Por Melisa Herrera
CANCÚN, QRoo., a 17 de junio de 2026.- La estrategia para la recuperación de playas en Quintana Roo tomará un nuevo rumbo y su ejecución deberá esperar hasta 2027, una vez que concluya la elaboración de un Atlas Geográfico Costero que permita determinar con precisión el nivel de afectación en los arenales y definir las acciones más adecuadas para combatir la erosión.
Así lo informó Esteban Amaro Mauricio, coordinador del Centro de Monitoreo Ambiental y de Sargazo, quien explicó que el objetivo es abandonar las soluciones temporales y construir un proyecto sustentado en criterios científicos y ambientales.
Adiós a los rellenos masivos
A diferencia de años anteriores, cuando se recurrió a rellenos masivos de arena para recuperar zonas erosionadas, las autoridades de los tres órdenes de gobierno trabajan ahora en una propuesta de restauración integral enfocada en la recuperación de los ecosistemas costeros.
El proyecto contempla estudios técnicos, ambientales y de ingeniería, además de la gestión de recursos federales, estatales y municipales, así como la obtención de una nueva Manifestación de Impacto Ambiental (MIA).
Amaro Mauricio adelantó que la Secretaría de Ecología y Medio Ambiente de Quintana Roo desarrolla el primer ordenamiento costero de este tipo en México.
“Será un atlas geográfico; se consideran 18 polígonos, de los cuales 15 corresponden a la zona norte y tres a la zona sur”, explicó.
Esta herramienta permitirá conocer con mayor precisión las condiciones de cada playa y servirá como base para futuras acciones de conservación y recuperación.

El sargazo aporta información clave
El funcionario destacó que el monitoreo permanente realizado en 140 playas de Quintana Roo constituye uno de los pilares del proyecto.
La información recabada diariamente sobre la presencia de sargazo, erosión, corrientes y otros indicadores ambientales permitirá construir un diagnóstico más completo sobre la situación actual del litoral.

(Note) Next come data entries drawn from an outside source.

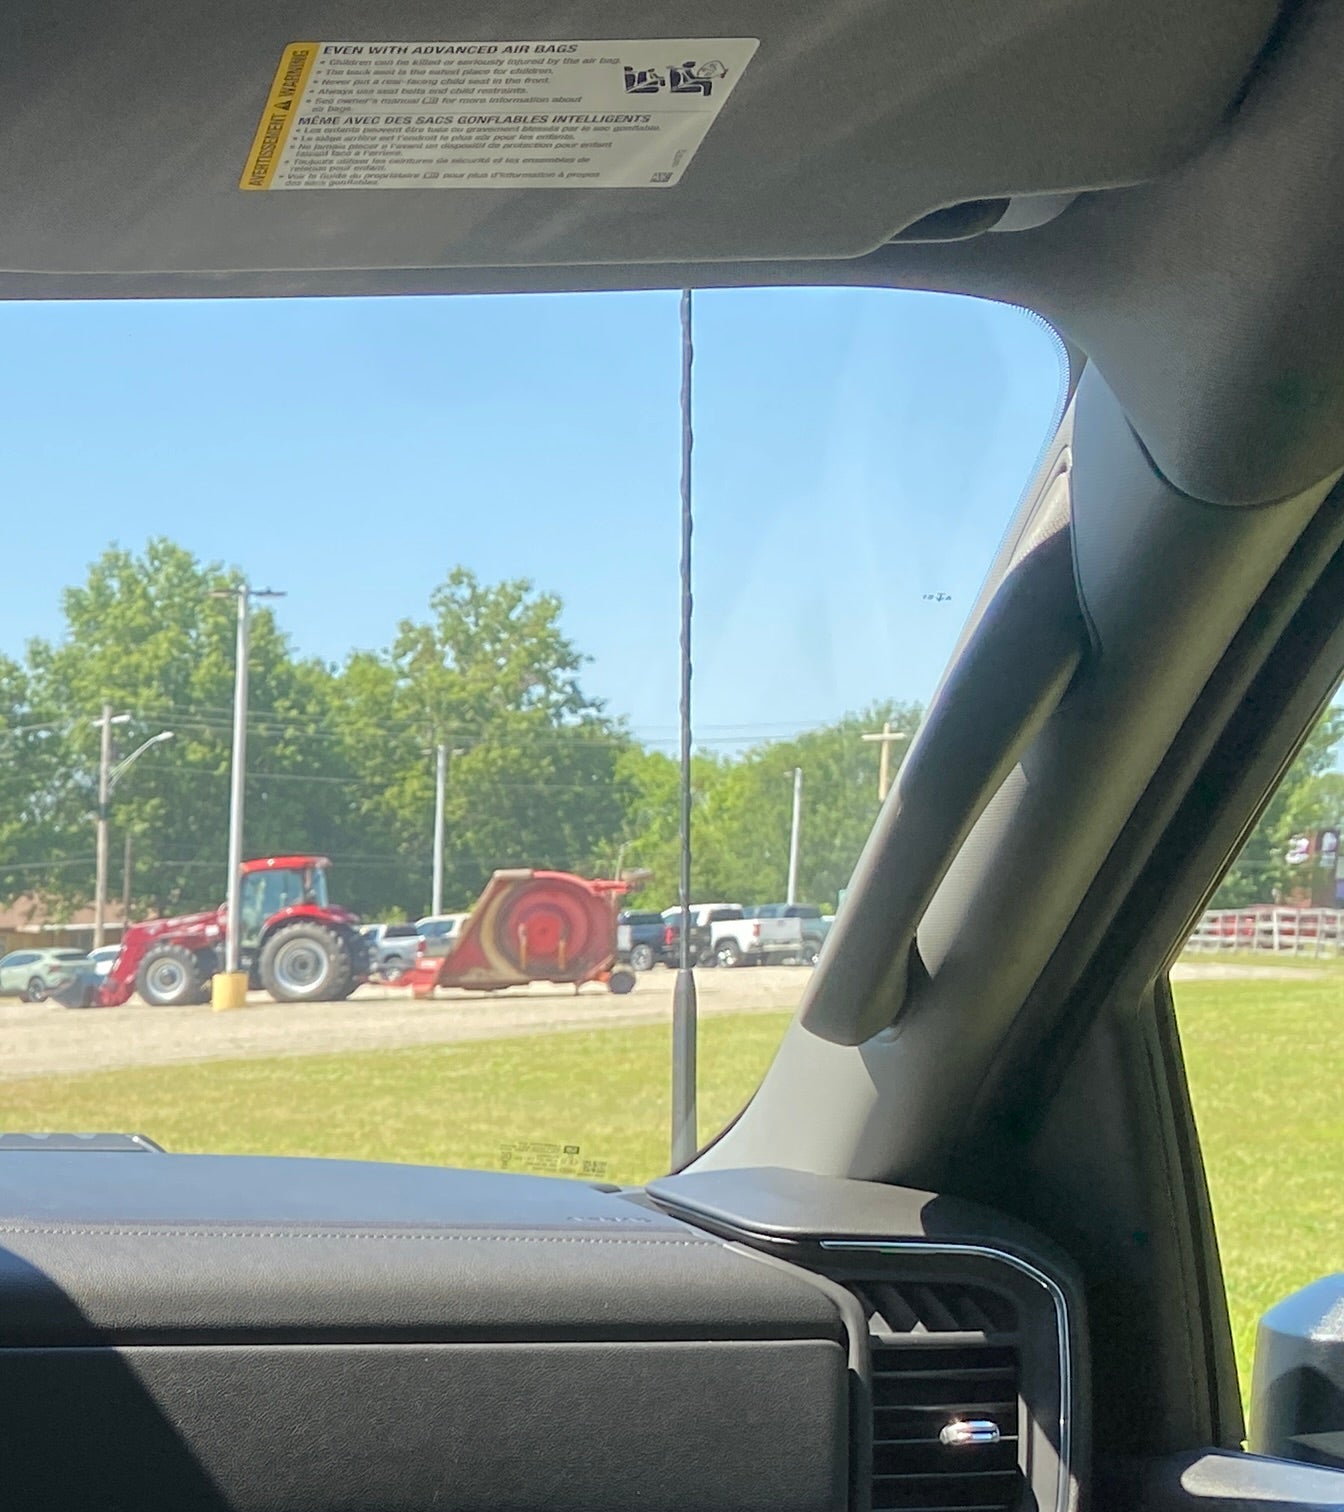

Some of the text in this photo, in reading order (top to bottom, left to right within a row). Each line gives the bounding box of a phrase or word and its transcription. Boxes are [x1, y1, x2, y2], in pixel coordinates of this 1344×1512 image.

[323, 44, 578, 54] EVEN WITH ADVANCED AIR BAGS
[278, 50, 309, 98] WARNING
[298, 115, 651, 125] MÊME AVEC DES SACS GONFLABLES INTELLIGENTS
[248, 113, 287, 187] AVERTISSEMENT
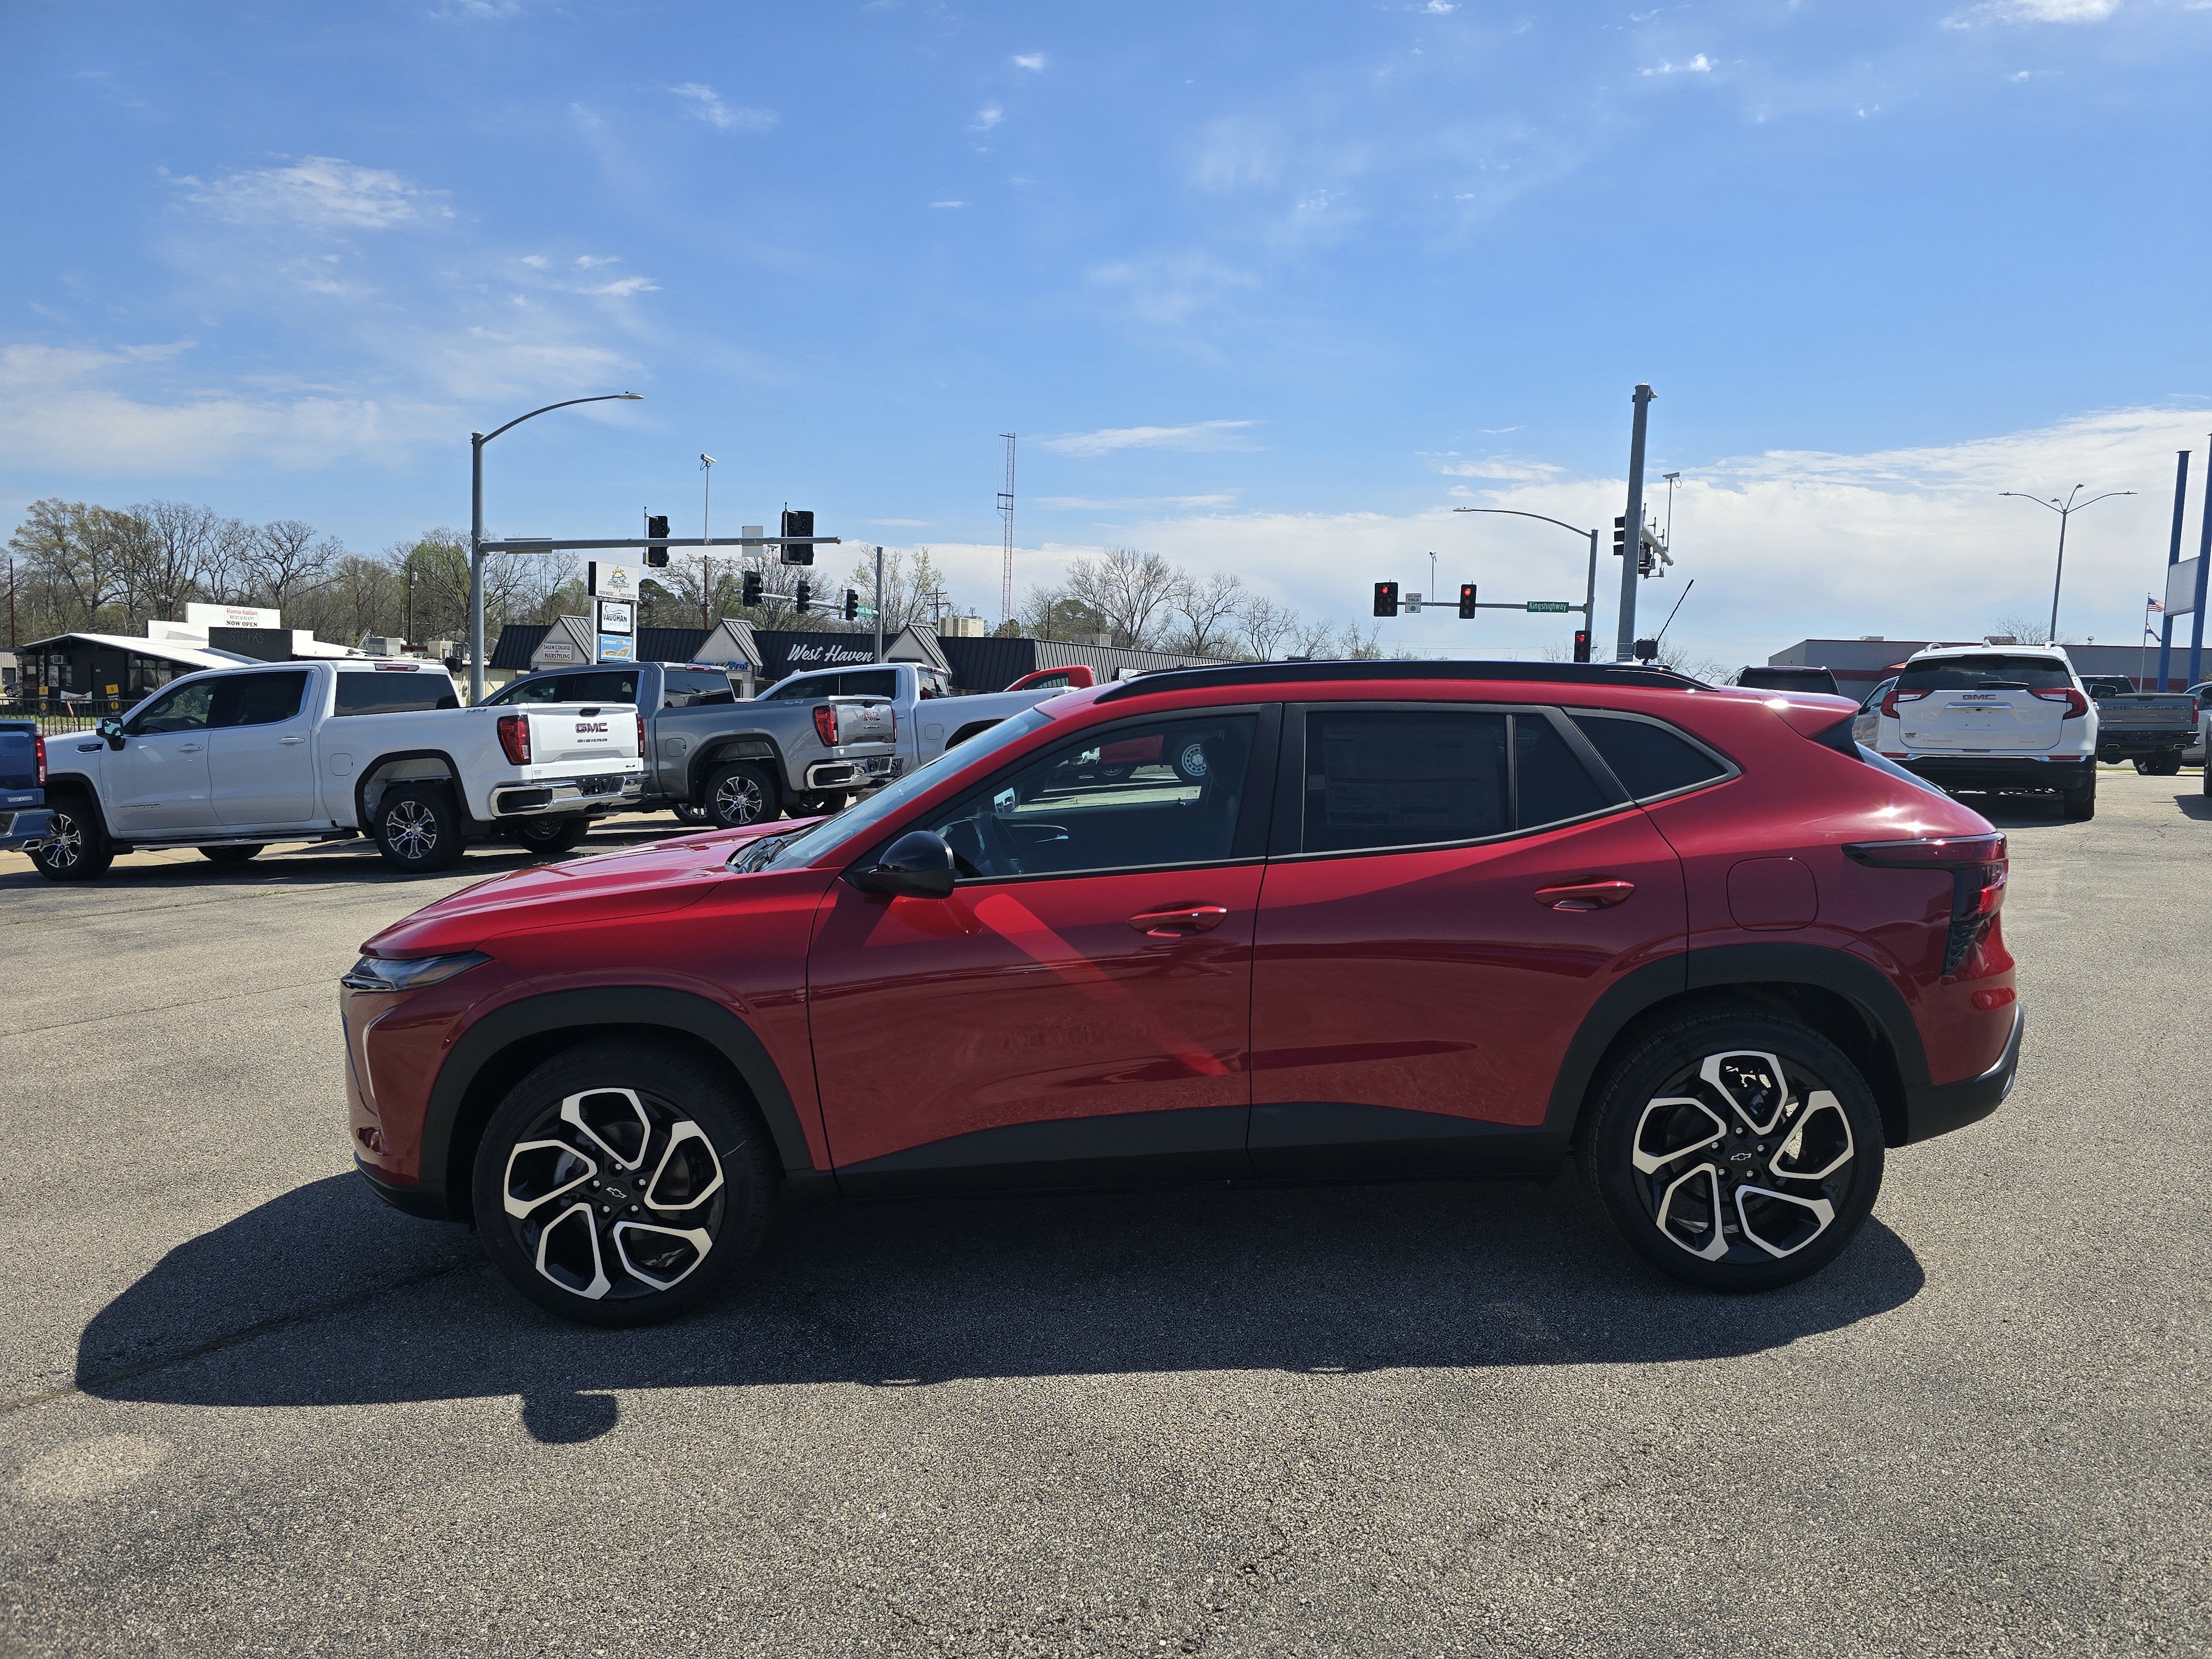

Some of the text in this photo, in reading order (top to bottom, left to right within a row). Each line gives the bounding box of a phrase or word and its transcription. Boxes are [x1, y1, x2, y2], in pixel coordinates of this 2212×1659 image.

[1529, 602, 1567, 612] Kingshighway
[603, 613, 627, 623] VAUGHAN
[787, 644, 874, 662] West Haven
[728, 661, 749, 670] Prof
[575, 722, 608, 733] GMC
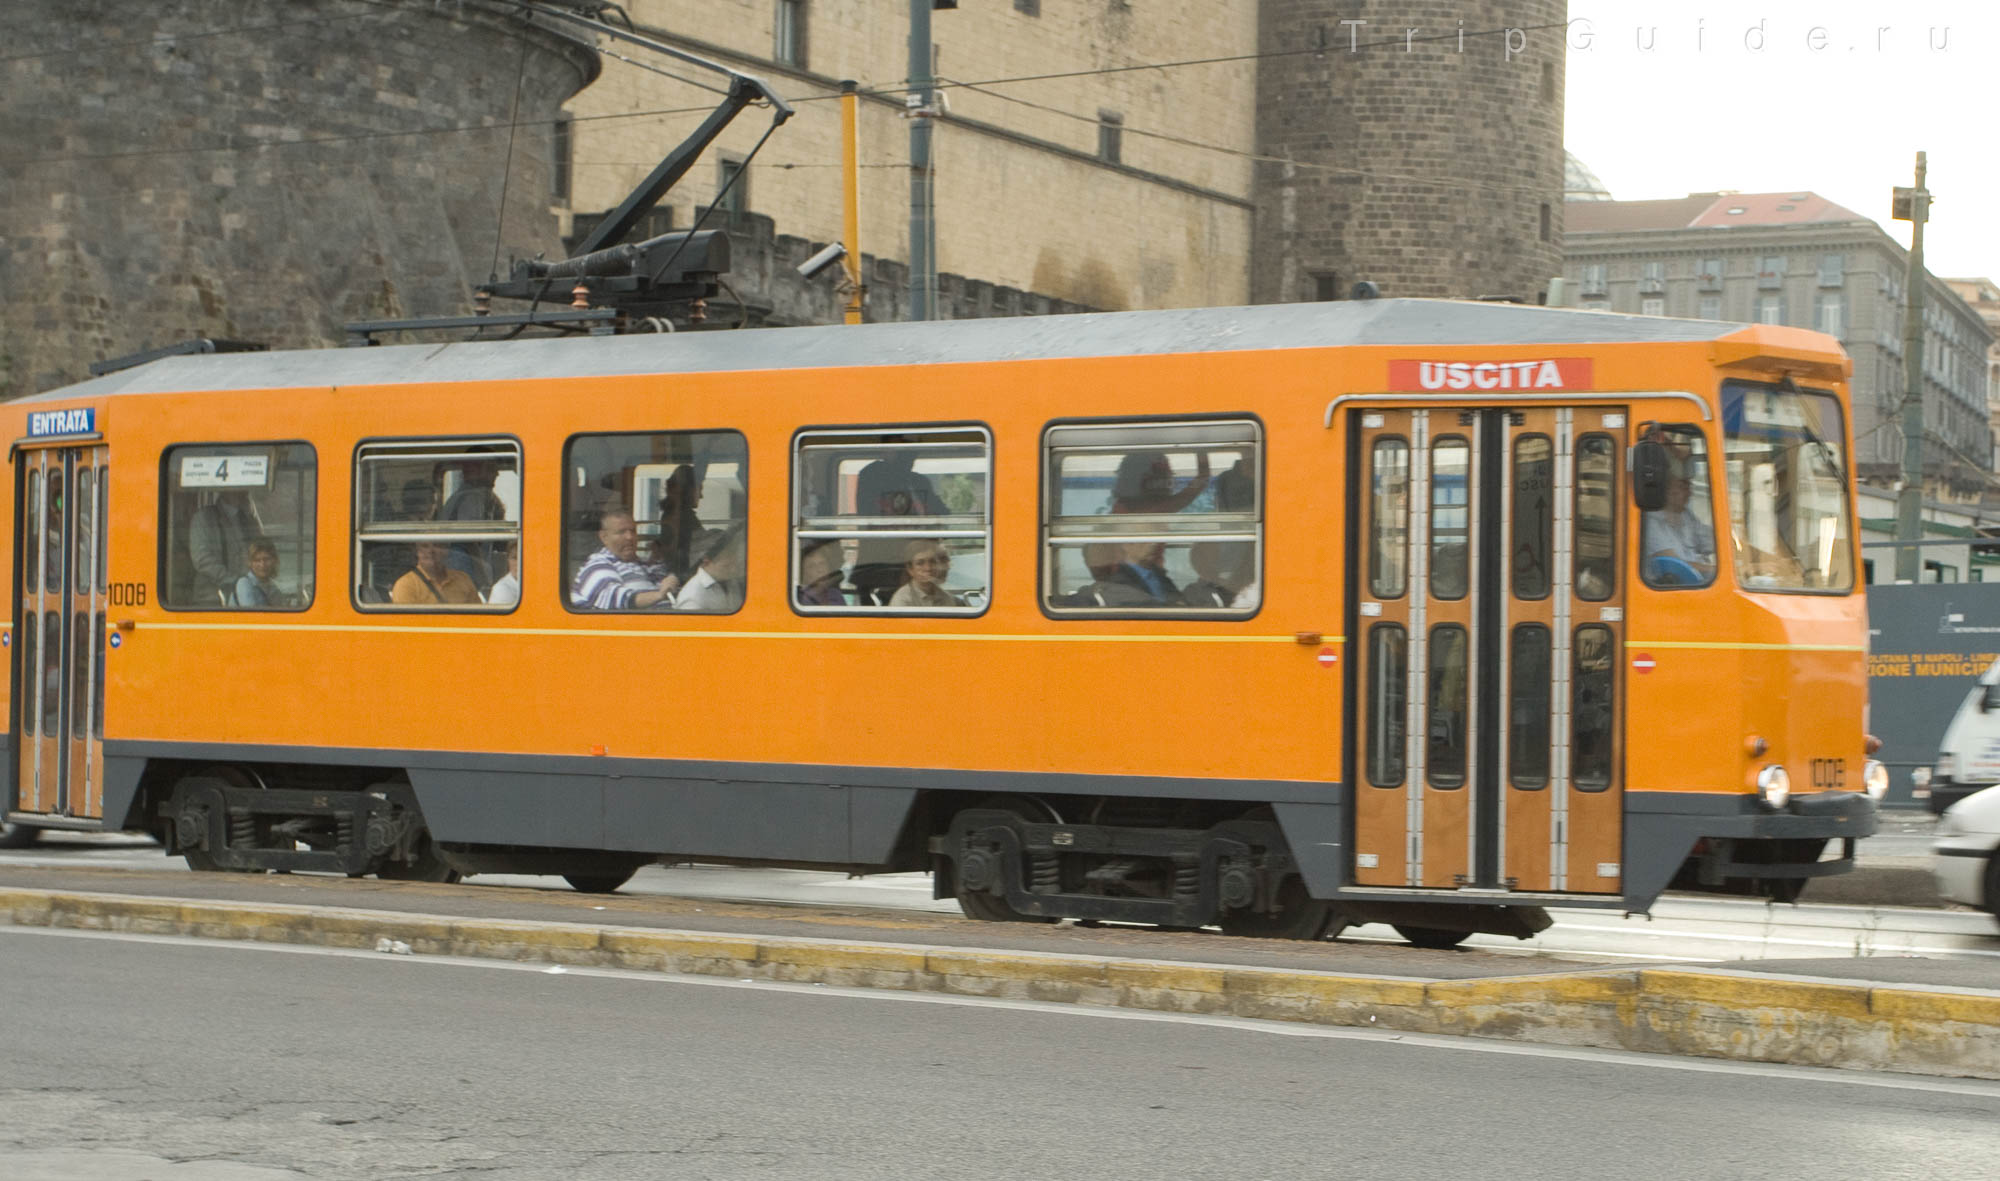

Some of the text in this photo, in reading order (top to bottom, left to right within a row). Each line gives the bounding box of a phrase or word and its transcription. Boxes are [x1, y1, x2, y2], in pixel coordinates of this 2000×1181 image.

[1419, 360, 1564, 389] USCITA
[32, 409, 89, 435] ENTRATA
[215, 459, 228, 481] 4
[107, 582, 146, 606] 1008

Aunque la erosión costera continúa siendo una amenaza para el principal destino turístico del país, las autoridades insisten en que la prioridad es evitar medidas de corto plazo y desarrollar una estrategia que ofrezca resultados sostenibles.
La meta, señalaron, es garantizar la conservación de las playas y proteger el equilibrio del ecosistema costero mediante acciones respaldadas por evidencia científica.